[Saved data entries]
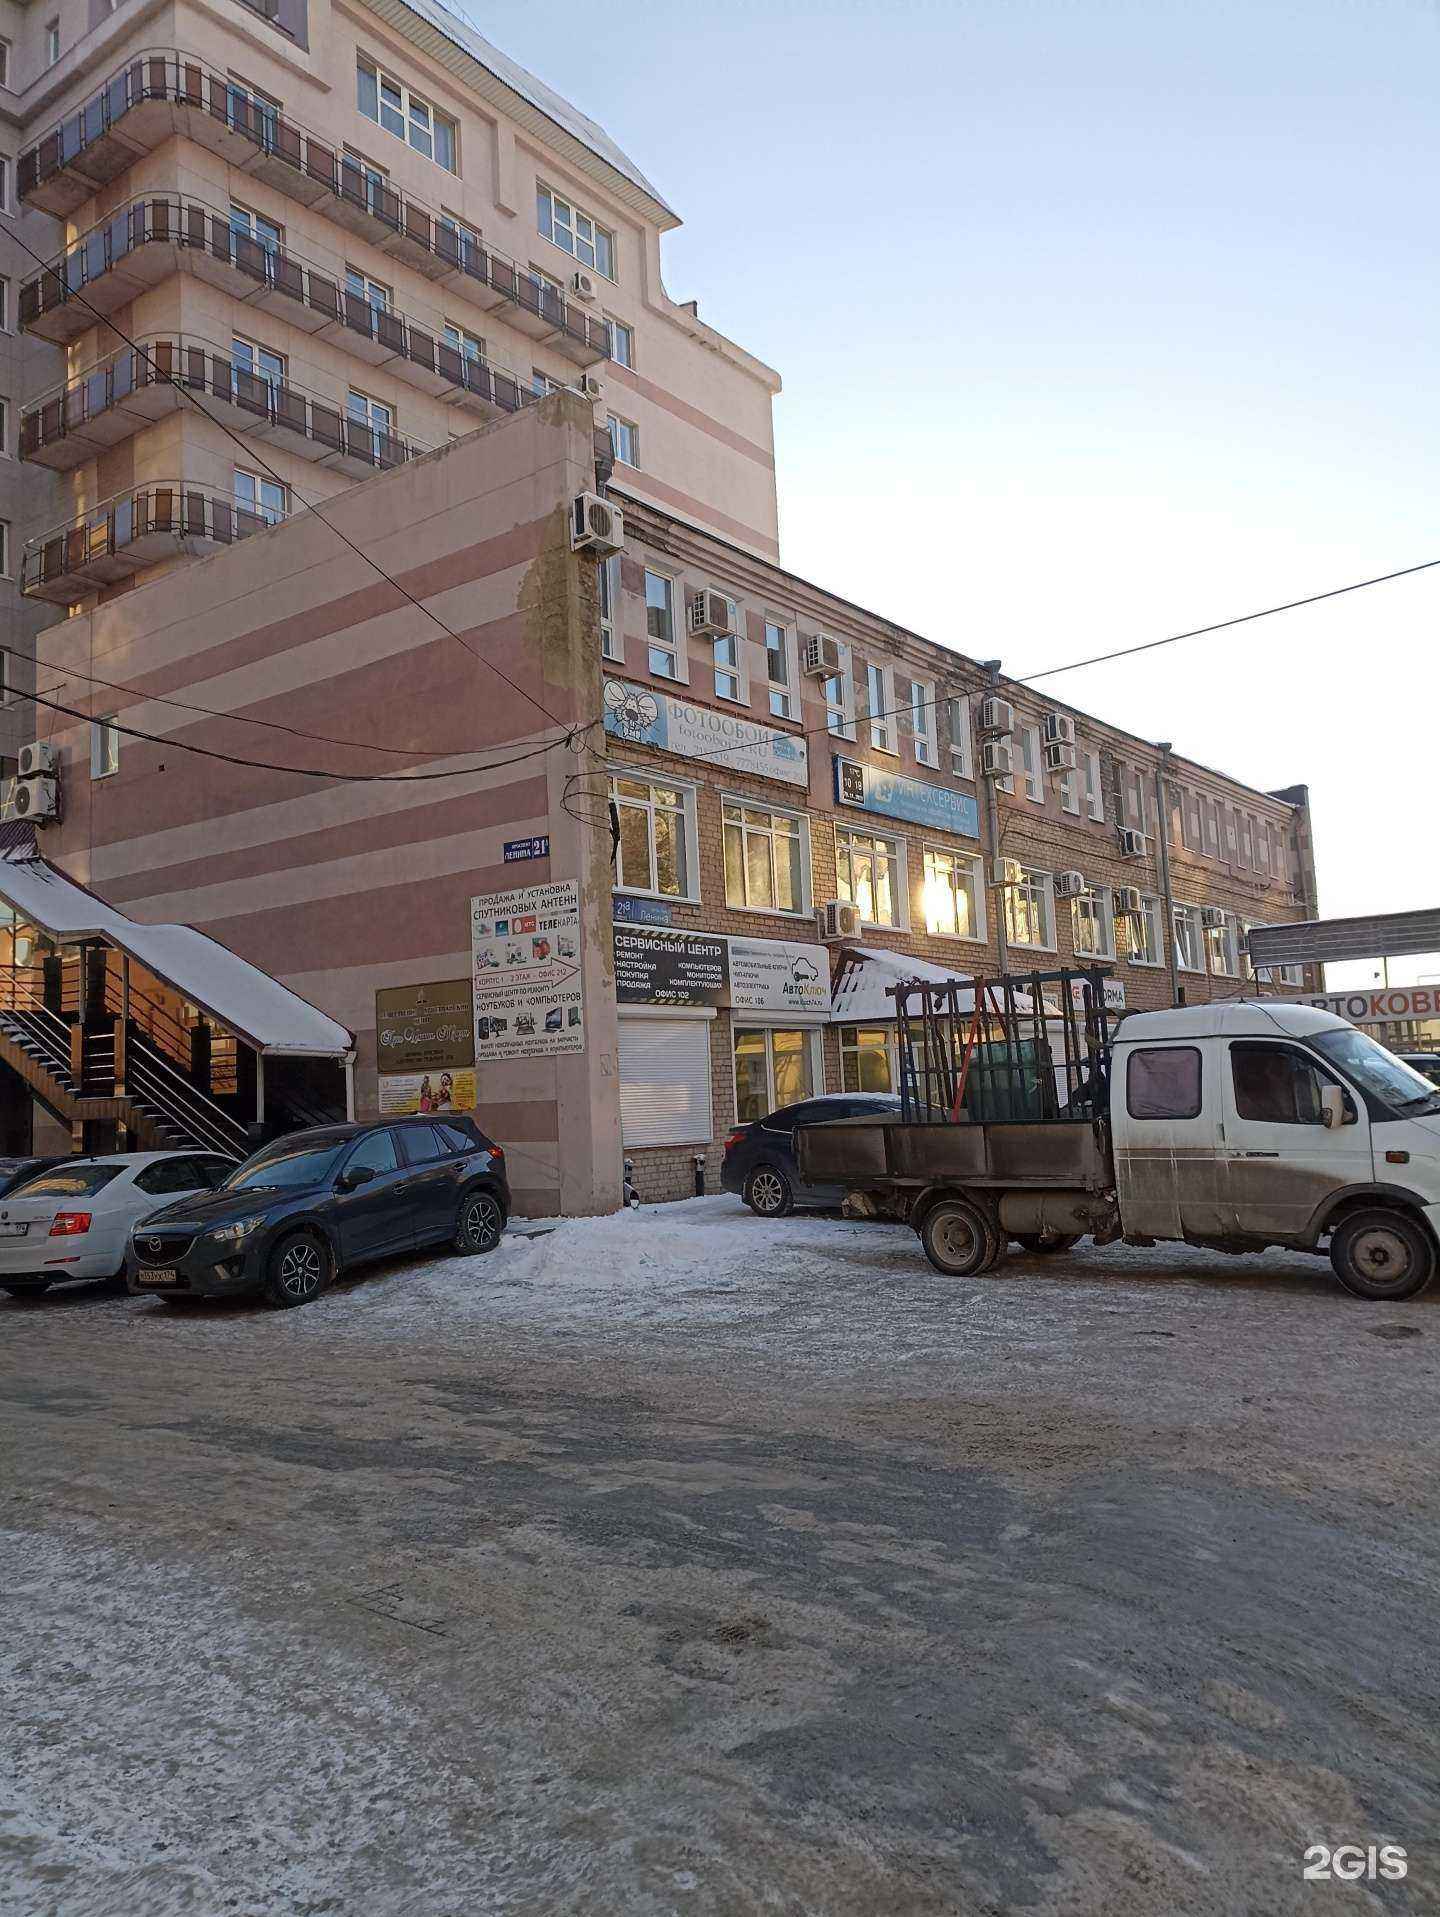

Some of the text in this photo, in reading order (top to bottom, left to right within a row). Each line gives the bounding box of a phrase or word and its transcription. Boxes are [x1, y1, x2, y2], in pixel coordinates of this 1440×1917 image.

[479, 894, 515, 906] ПРОДАЖА
[528, 883, 571, 898] УСТАНОВКА
[473, 903, 537, 920] СПУТНИКОВЫХ
[541, 895, 577, 909] АНТЕНН
[615, 935, 685, 953] СЕРВИСНЫЙ
[688, 944, 722, 957] ЦЕНТР
[617, 951, 644, 959] РЕМОНТ
[617, 961, 657, 971] НАСТРОЙКА
[617, 970, 649, 979] ПОКУПКА
[617, 980, 651, 989] ПРОДАЖА
[782, 982, 826, 995] АвтоКлюч
[655, 989, 690, 999] ОФИС 102
[476, 1000, 515, 1011] НОУТБУКОВ
[526, 992, 581, 1005] КОМПЬЮТЕРОВ
[735, 996, 753, 1004] ОФИС

**PROBLEM DETAILS**
Leave out the pictures and retype every line above exactly.

**TASK SOLUTION**
Some of the text in this photo, in reading order (top to bottom, left to right within a row). Each line gives the bounding box of a phrase or word and its transcription. Boxes are [x1, y1, x2, y2], in pixel coordinates of this 1440×1917 image.

[479, 894, 515, 906] ПРОДАЖА
[528, 883, 571, 898] УСТАНОВКА
[473, 903, 537, 920] СПУТНИКОВЫХ
[541, 895, 577, 909] АНТЕНН
[615, 935, 685, 953] СЕРВИСНЫЙ
[688, 944, 722, 957] ЦЕНТР
[617, 951, 644, 959] РЕМОНТ
[617, 961, 657, 971] НАСТРОЙКА
[617, 970, 649, 979] ПОКУПКА
[617, 980, 651, 989] ПРОДАЖА
[782, 982, 826, 995] АвтоКлюч
[655, 989, 690, 999] ОФИС 102
[476, 1000, 515, 1011] НОУТБУКОВ
[526, 992, 581, 1005] КОМПЬЮТЕРОВ
[735, 996, 753, 1004] ОФИС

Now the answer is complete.